■ **WORK REQUIRED**
Starting at the line that contains "this 2000×1125 image.", reproduce every line through the end of the entries below, with no pictures in the copy.

Phrase grounding data
:::::
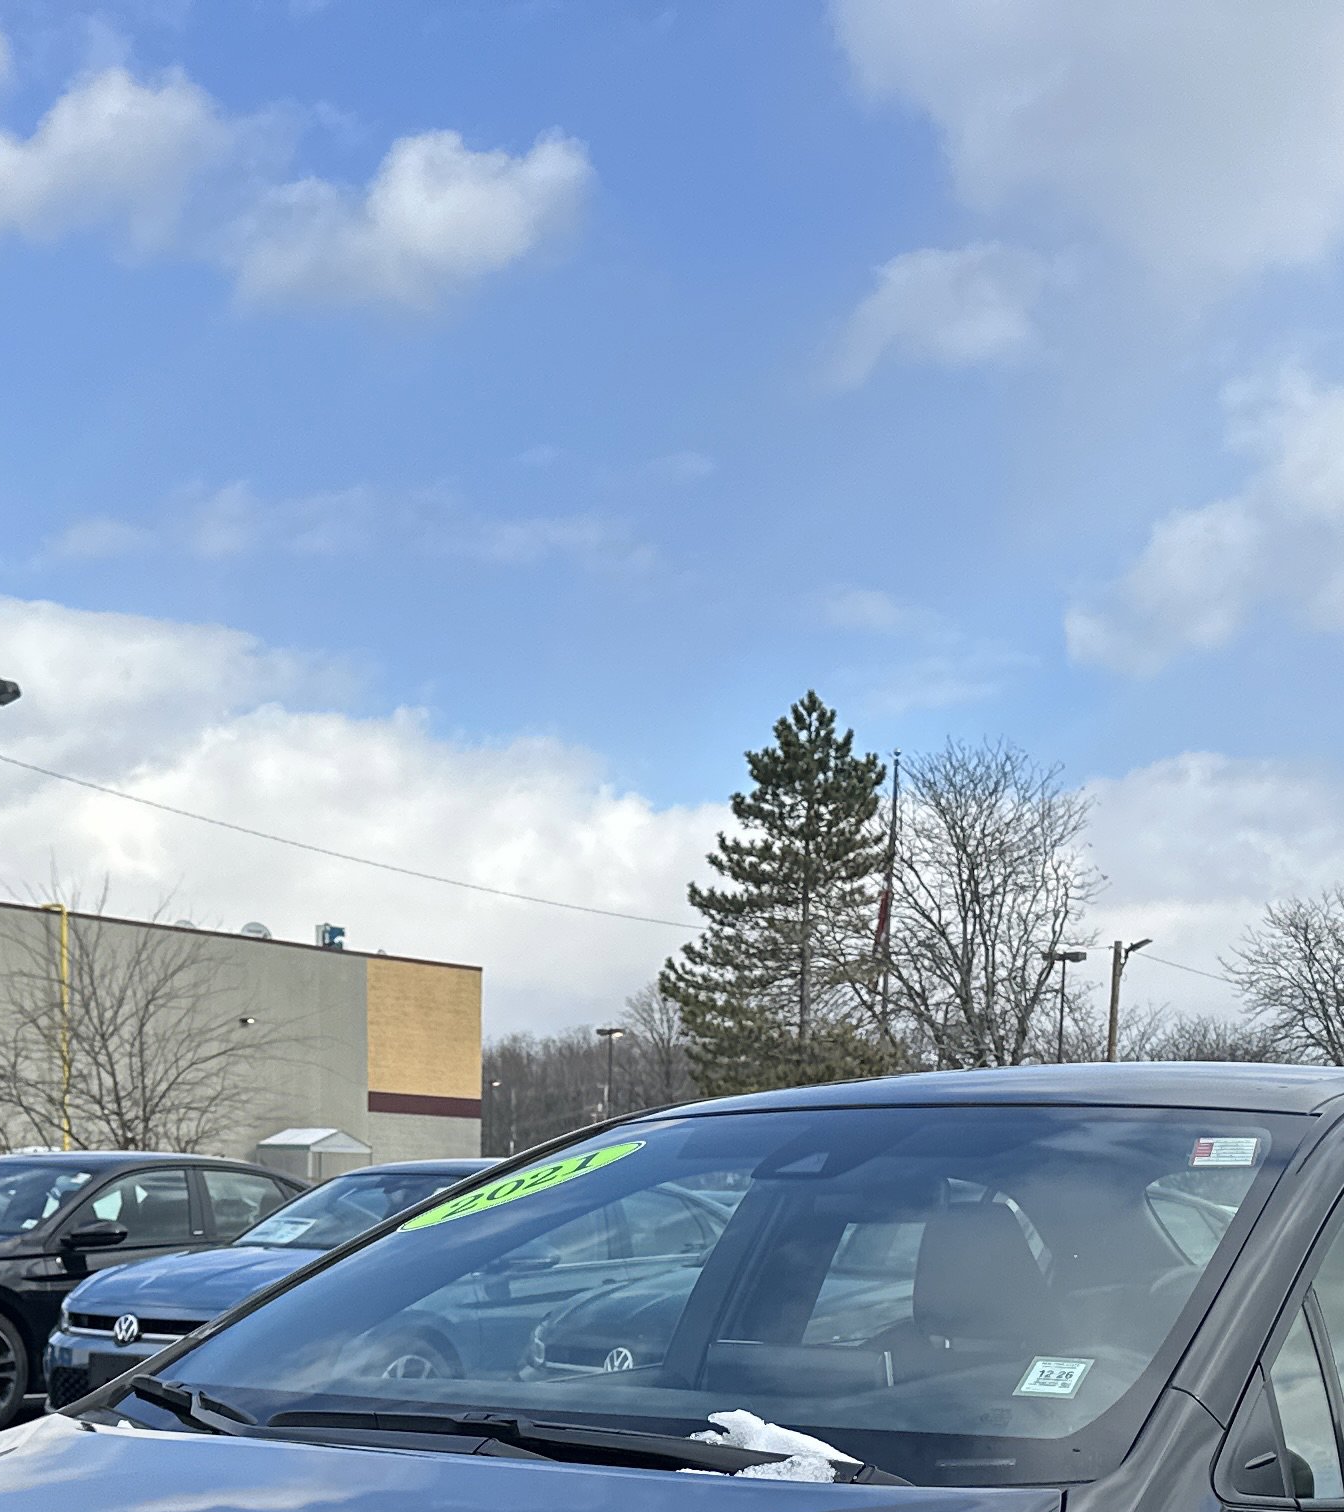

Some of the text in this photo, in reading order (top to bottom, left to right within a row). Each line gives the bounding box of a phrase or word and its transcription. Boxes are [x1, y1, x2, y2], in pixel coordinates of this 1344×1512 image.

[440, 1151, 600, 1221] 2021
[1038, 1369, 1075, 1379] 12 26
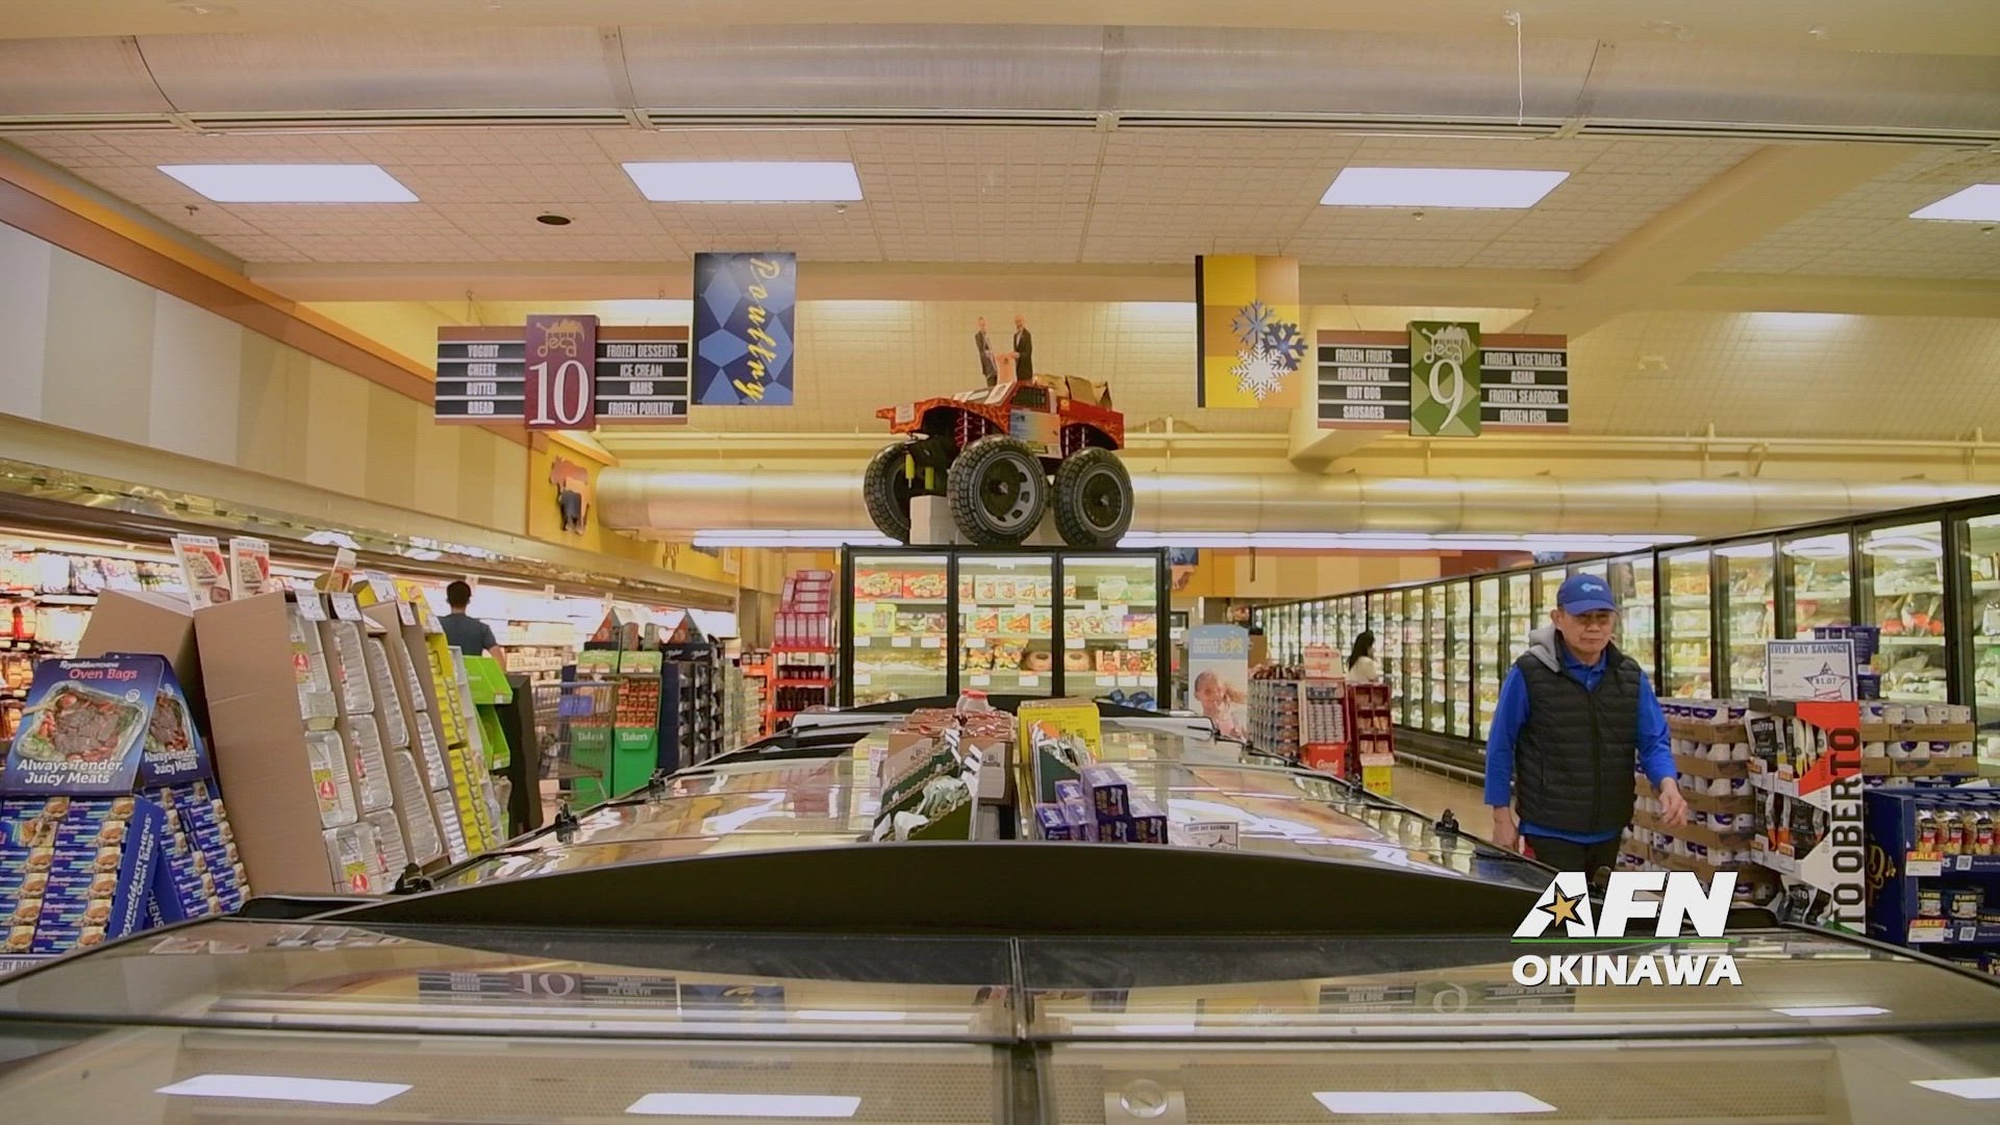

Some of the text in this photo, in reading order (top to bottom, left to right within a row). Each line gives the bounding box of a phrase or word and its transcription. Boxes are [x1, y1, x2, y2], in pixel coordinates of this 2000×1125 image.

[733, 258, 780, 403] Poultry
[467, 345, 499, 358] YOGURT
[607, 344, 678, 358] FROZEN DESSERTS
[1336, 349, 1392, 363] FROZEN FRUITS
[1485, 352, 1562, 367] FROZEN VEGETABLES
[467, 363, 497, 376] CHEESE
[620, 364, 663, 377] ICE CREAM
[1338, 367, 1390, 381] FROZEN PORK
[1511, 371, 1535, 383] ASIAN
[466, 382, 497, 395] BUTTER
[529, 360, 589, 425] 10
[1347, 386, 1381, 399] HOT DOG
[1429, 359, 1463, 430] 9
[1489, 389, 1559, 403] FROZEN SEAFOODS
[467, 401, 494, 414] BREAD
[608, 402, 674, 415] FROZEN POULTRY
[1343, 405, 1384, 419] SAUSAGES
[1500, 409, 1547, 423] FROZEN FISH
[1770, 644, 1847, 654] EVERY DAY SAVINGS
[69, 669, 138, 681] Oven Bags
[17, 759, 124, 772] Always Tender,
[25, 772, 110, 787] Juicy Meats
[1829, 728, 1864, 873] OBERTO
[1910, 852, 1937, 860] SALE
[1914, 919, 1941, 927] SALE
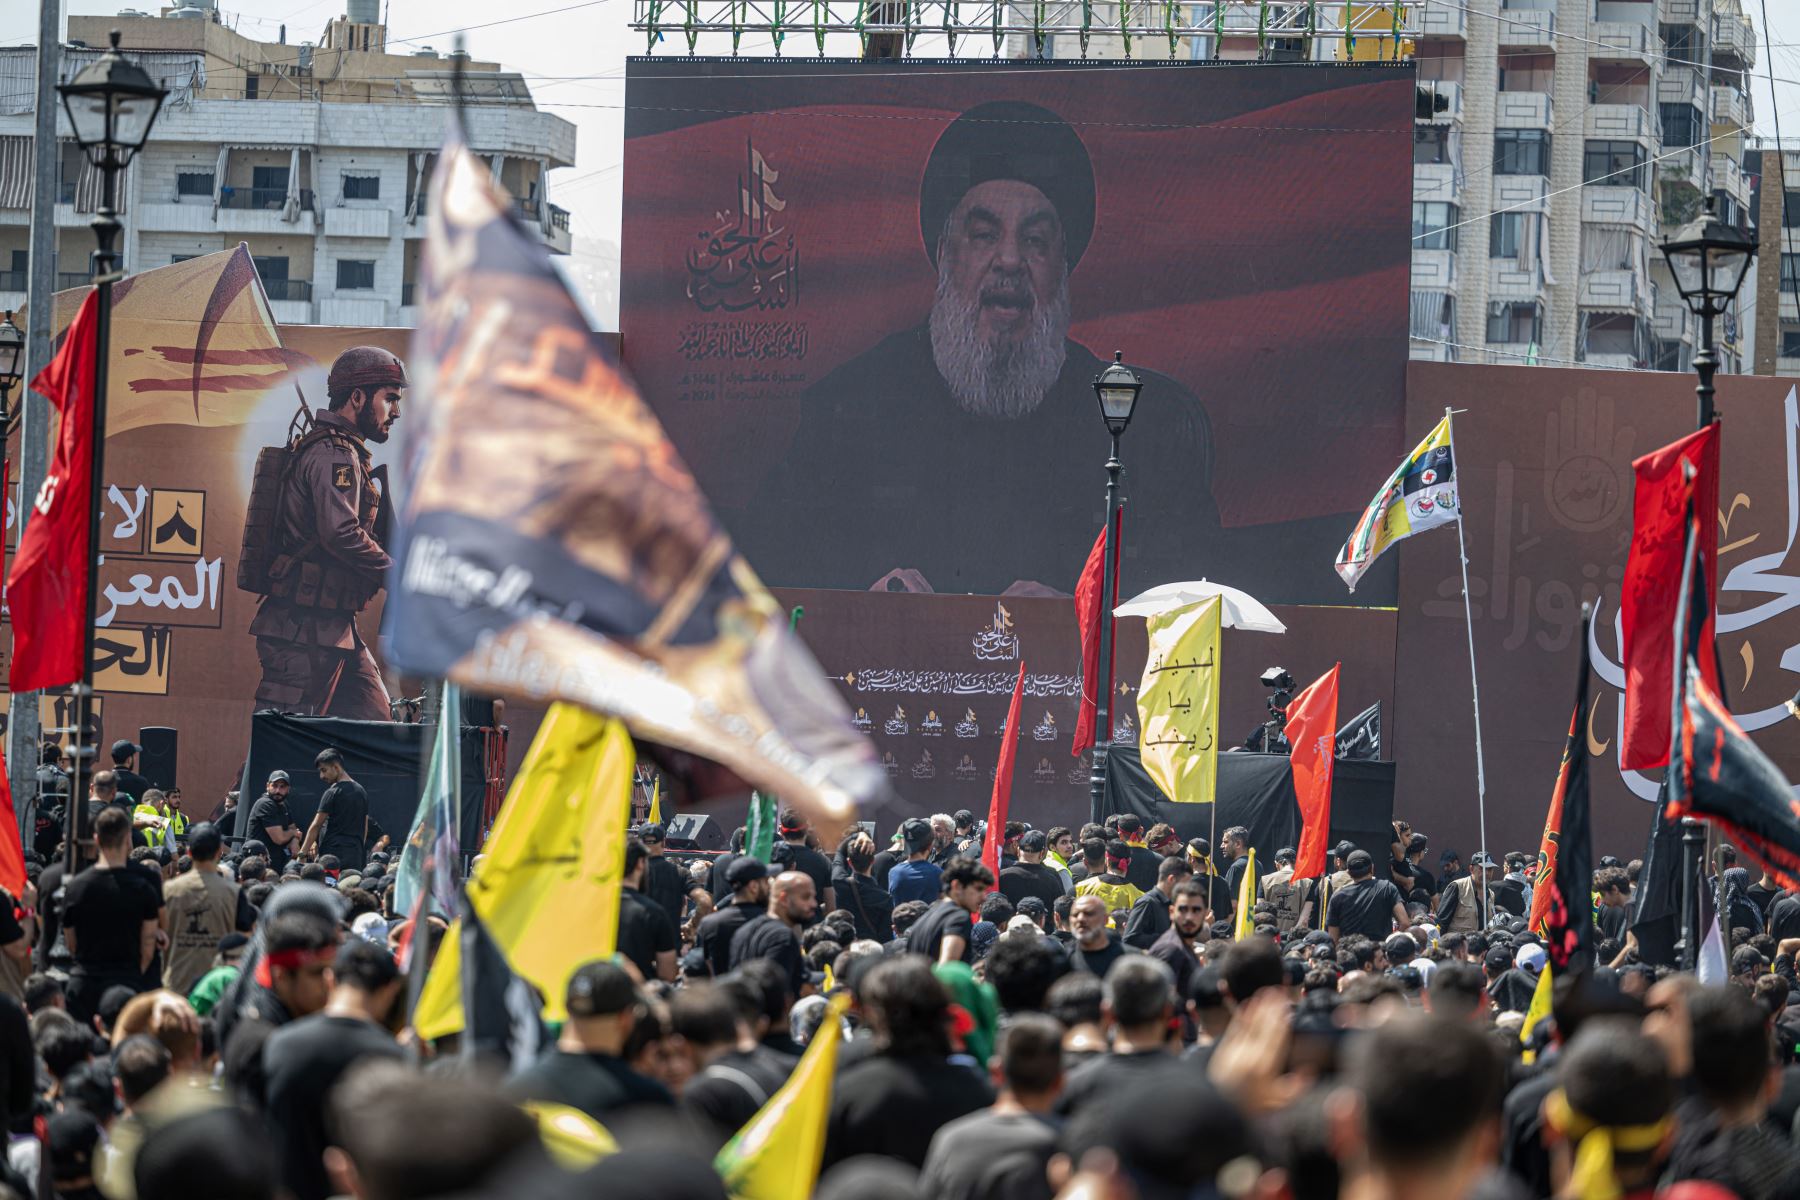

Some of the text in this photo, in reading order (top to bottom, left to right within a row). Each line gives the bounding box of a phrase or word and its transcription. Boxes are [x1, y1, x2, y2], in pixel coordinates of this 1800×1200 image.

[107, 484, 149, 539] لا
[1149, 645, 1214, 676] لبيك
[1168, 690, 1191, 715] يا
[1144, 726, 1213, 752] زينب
:::::
■ **WRITTEN SOLUTION**
Some of the text in this photo, in reading order (top to bottom, left to right within a row). Each line gives the bounding box of a phrase or word and its transcription. Boxes are [x1, y1, x2, y2], in pixel coordinates of this 2000×1125 image.

[733, 258, 780, 403] Poultry
[467, 345, 499, 358] YOGURT
[607, 344, 678, 358] FROZEN DESSERTS
[1336, 349, 1392, 363] FROZEN FRUITS
[1485, 352, 1562, 367] FROZEN VEGETABLES
[467, 363, 497, 376] CHEESE
[620, 364, 663, 377] ICE CREAM
[1338, 367, 1390, 381] FROZEN PORK
[1511, 371, 1535, 383] ASIAN
[466, 382, 497, 395] BUTTER
[529, 360, 589, 425] 10
[1347, 386, 1381, 399] HOT DOG
[1429, 359, 1463, 430] 9
[1489, 389, 1559, 403] FROZEN SEAFOODS
[467, 401, 494, 414] BREAD
[608, 402, 674, 415] FROZEN POULTRY
[1343, 405, 1384, 419] SAUSAGES
[1500, 409, 1547, 423] FROZEN FISH
[1770, 644, 1847, 654] EVERY DAY SAVINGS
[69, 669, 138, 681] Oven Bags
[17, 759, 124, 772] Always Tender,
[25, 772, 110, 787] Juicy Meats
[1829, 728, 1864, 873] OBERTO
[1910, 852, 1937, 860] SALE
[1914, 919, 1941, 927] SALE

Some of the text in this photo, in reading order (top to bottom, left to right within a row). Each line gives the bounding box of a phrase or word and its transcription. Boxes are [x1, y1, x2, y2], in pixel coordinates of this 1800×1200 image.

[107, 484, 149, 539] لا
[1149, 645, 1214, 676] لبيك
[1168, 690, 1191, 715] يا
[1144, 726, 1213, 752] زينب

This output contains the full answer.